The government's reputation for transparency has been put to the lie. The government's openness was spoken about, prior to elections of course, and talked about in published fairy book documents called the red book. Promises were made to cancel the GST, for example, and promises were made to revisit and renegotiate free trade. We know what happened with those promises. They went out the window.
This government now wraps its arms around the policies that were introduced, at great spending of political capital, by the Progressive Conservative government, and it now calls them its own. It now calls them great ideas and fully endorses them. The Prime Minister was in Europe insinuating that his government brought in these policies. The reason the deficit is under control today is the GST, a much hated tax but a necessary tax. It is a consumption tax. It is a fair tax.
However we cannot revisit that. We cannot rewrite history. The spin doctors and the media massagers within the Liberal ranks did a wonderful hatchet job on ruining the reputation of a party that had the intellectual honesty and courage to put in place a tax that was fair.
The issue of openness in government has never been more threatened than under this administration. A basic motion to produce papers, a motion on the order paper by the hon. member from New Brunswick, was cast to one side. He was told no, that he would have to wait. This is a very serious issue that he has brought to the attention of the House and to all members. It concerns spare parts, which were bought and paid for by the Canadian taxpayer, sitting in a Florida warehouse that is under the control of a convicted felon.
Surely this matter would warrant government attention, let alone government action. Yet the government does not seem to want to talk about it.
He has been given the hand. He has been told to go away. To his credit he has persevered and brought the matter forward. Thankfully there are still procedures in the House that allow him to do so, but they should be given time. We have seen the rules change. We have seen attempts, as he said, to move the goalposts to prevent full disclosure on issues such as this one.

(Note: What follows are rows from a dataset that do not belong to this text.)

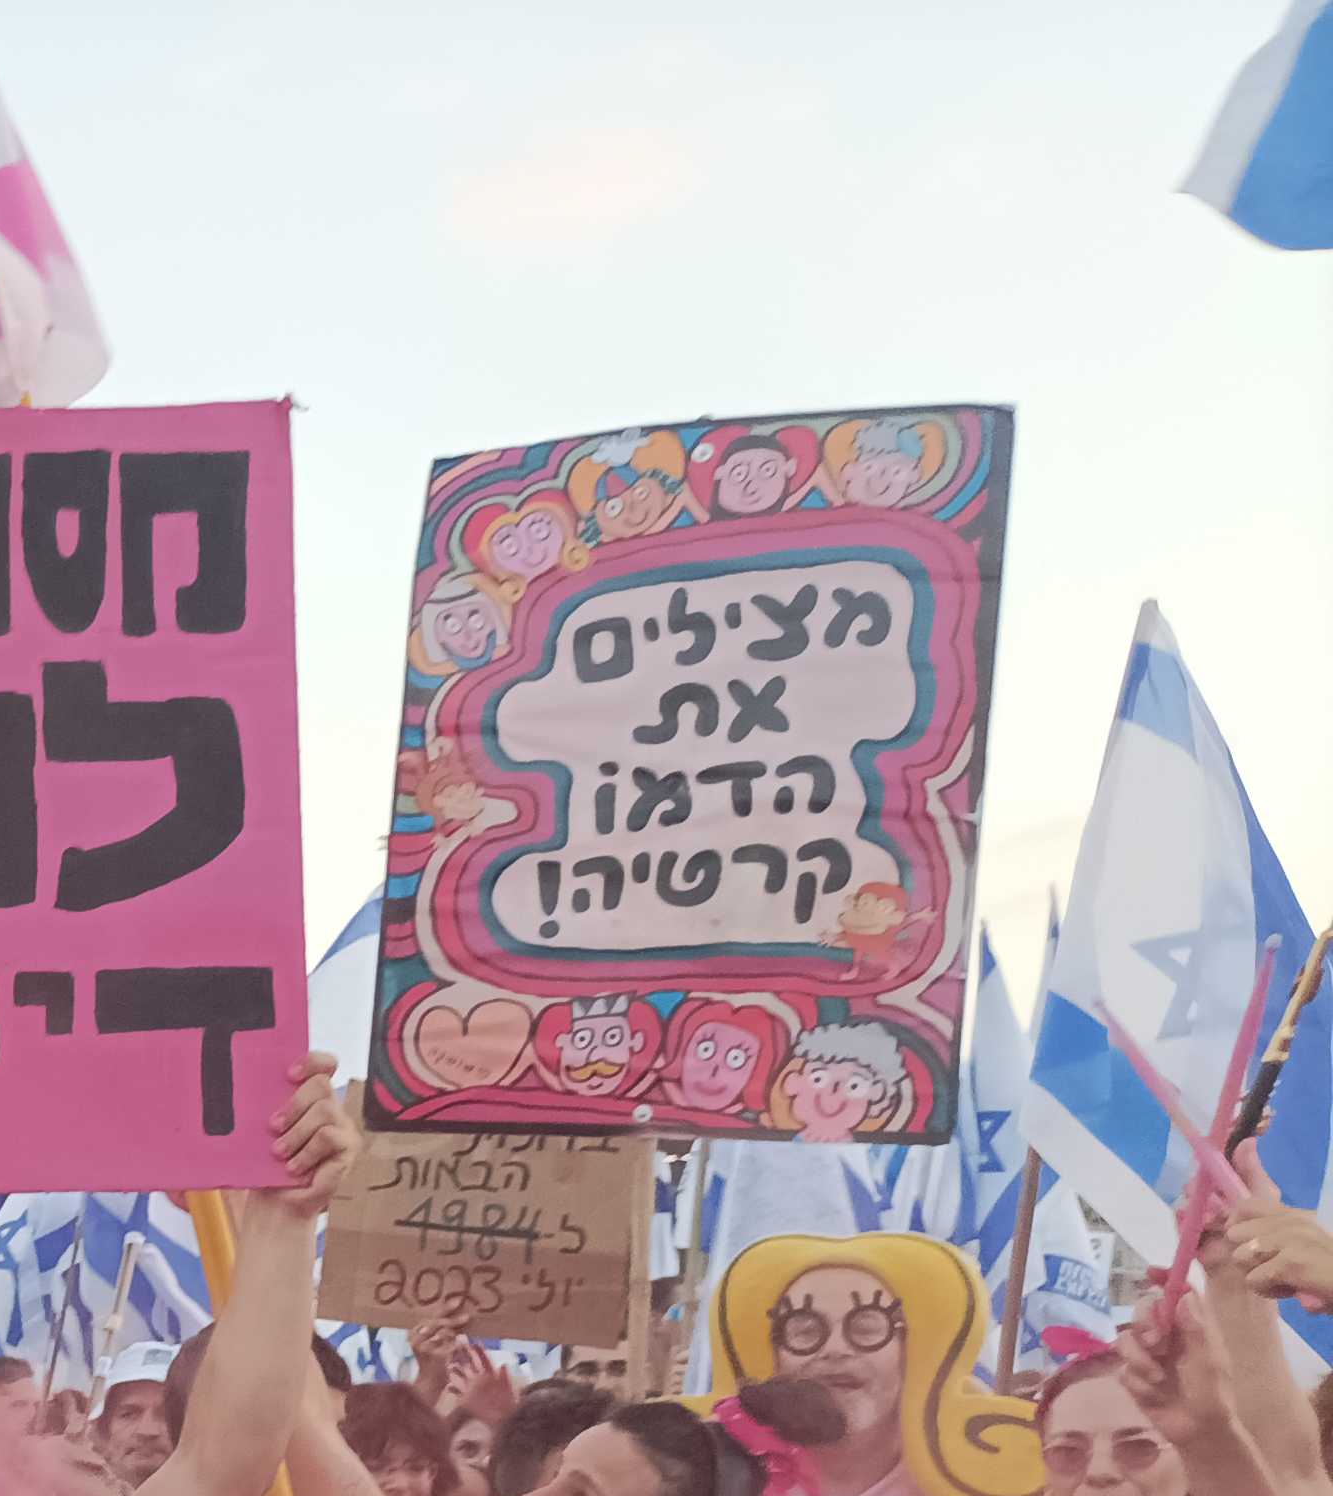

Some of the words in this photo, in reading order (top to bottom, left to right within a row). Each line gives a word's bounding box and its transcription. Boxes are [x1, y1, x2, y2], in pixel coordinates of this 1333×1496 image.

[573, 583, 892, 684] מצילים
[632, 675, 790, 744] את
[536, 837, 852, 939] קרטיה!
[367, 1156, 531, 1192] הבאות
[374, 1258, 503, 1318] 2023
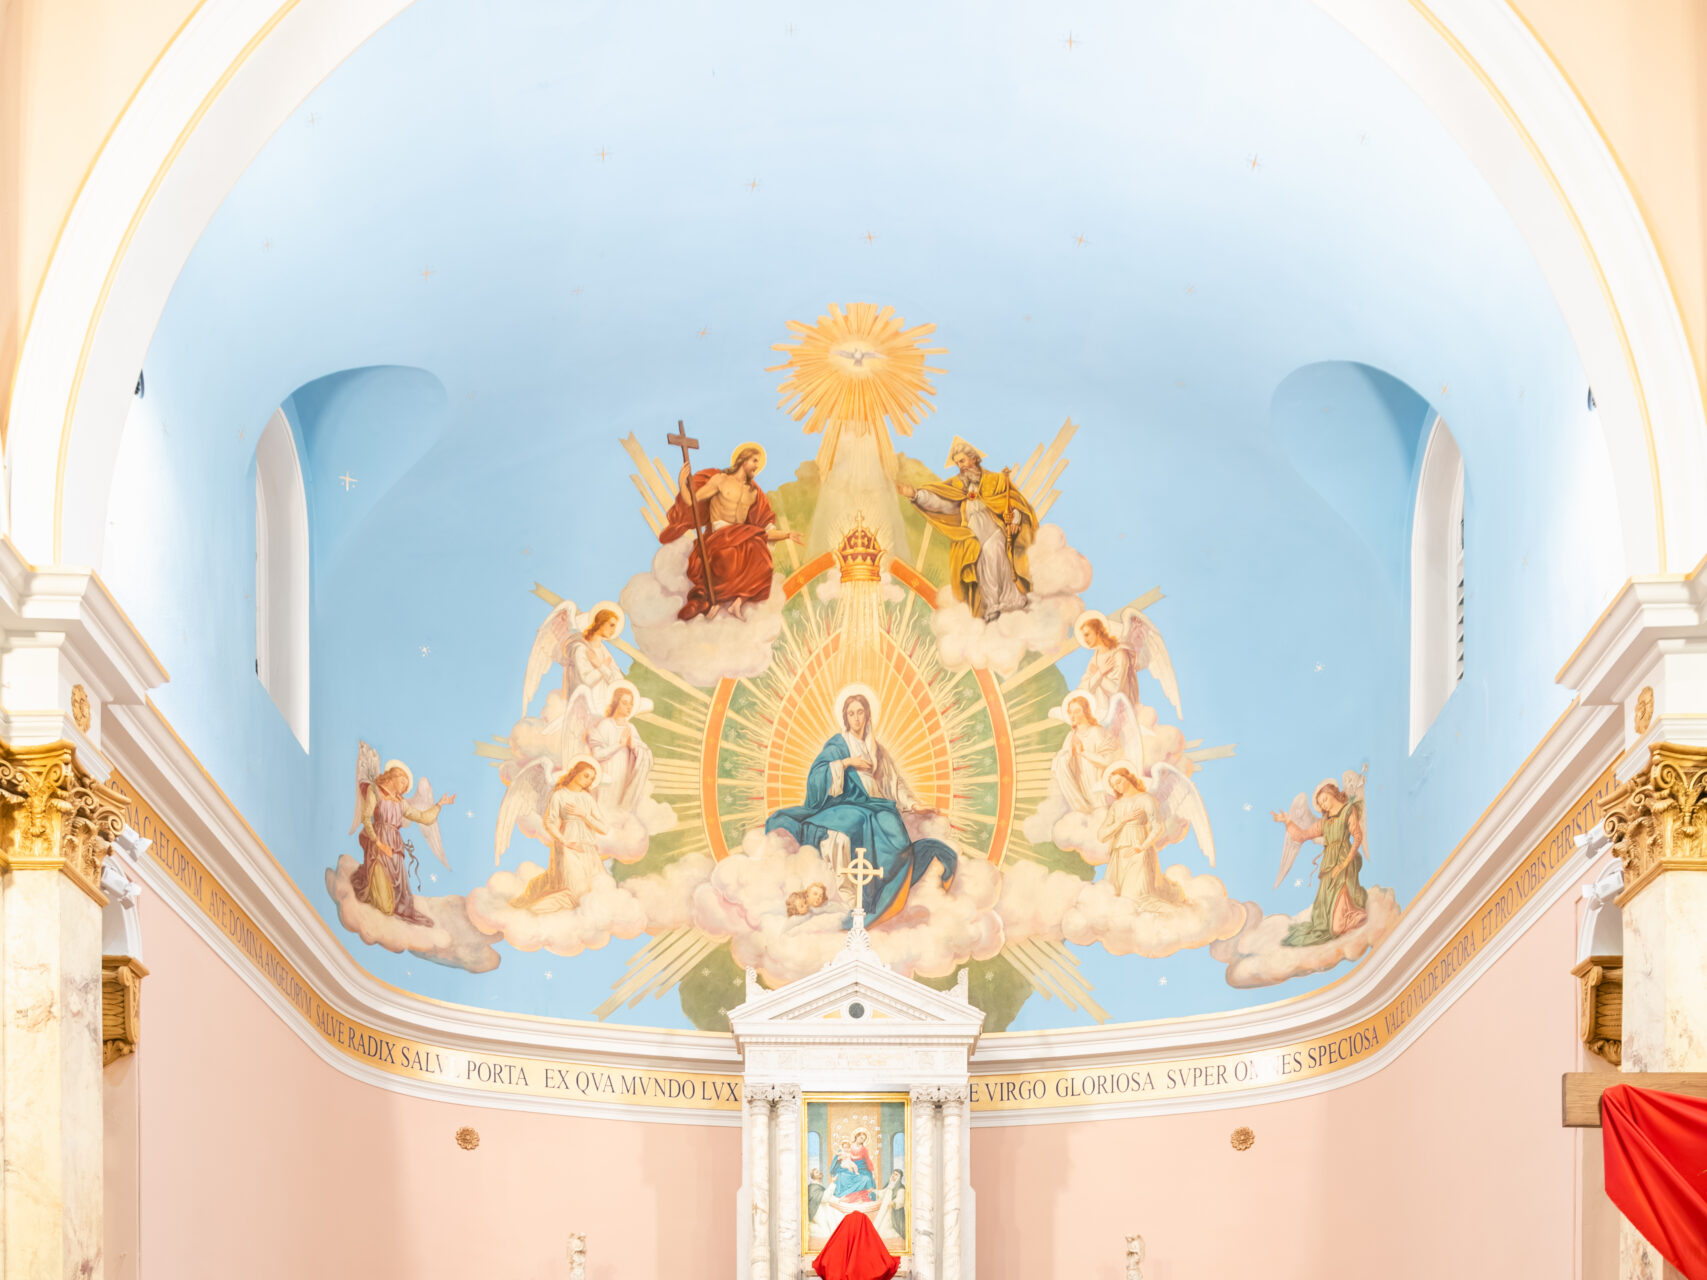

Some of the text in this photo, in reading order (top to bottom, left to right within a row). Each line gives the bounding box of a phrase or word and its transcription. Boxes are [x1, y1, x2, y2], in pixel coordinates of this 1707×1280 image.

[143, 815, 739, 1102] CAELORVM AVE DOMINA ANGELORVM SALVE RADIX SALV PORTA EX QVA MVNDO LVX
[985, 1079, 1047, 1102] VIRGO
[1055, 1071, 1156, 1098] GLORIOSA
[1167, 1064, 1229, 1090] SVPER
[1308, 1025, 1379, 1069] SPECIOSA
[1385, 1000, 1406, 1036] VALE
[1413, 965, 1439, 1008] VALDE
[1440, 930, 1476, 985] DECORA
[1481, 908, 1493, 943] ET
[1495, 888, 1514, 929] PRO
[1515, 851, 1547, 907] NOBIS

The entire issue of ethics and public confidence has been very much shaken under the government. My hon. colleague from Nova Scotia mentioned the helicopter procurement project. One of the biggest farces ever perpetrated by any government at any time in the history of the country was the cancellation of the helicopter program at a cost of $500 million, not even factoring in the benefits that would have come in terms of technology, component parts that would have been made, and jobs that would have been created in the province of British Columbia. It simply was cancelled.
I remember the Prime Minister's famous words: “I will take my pen and write zero and cancel the program”. Now we have men and women in the armed forces, on the east coast in particular but on the west coast as well, who patrol the coastal waters in unsafe equipment all because of ego and false pride on the part of the Prime Minister. It is a sad legacy.
The culture of clamping down, closure and secrecy is one over which the Prime Minister should hang his head in shame. That will be what historians write next to his name and not any great accomplishment. He drifted through the mandates and did what he could to shut down the House of Commons in terms of accountability and responsibility to the people.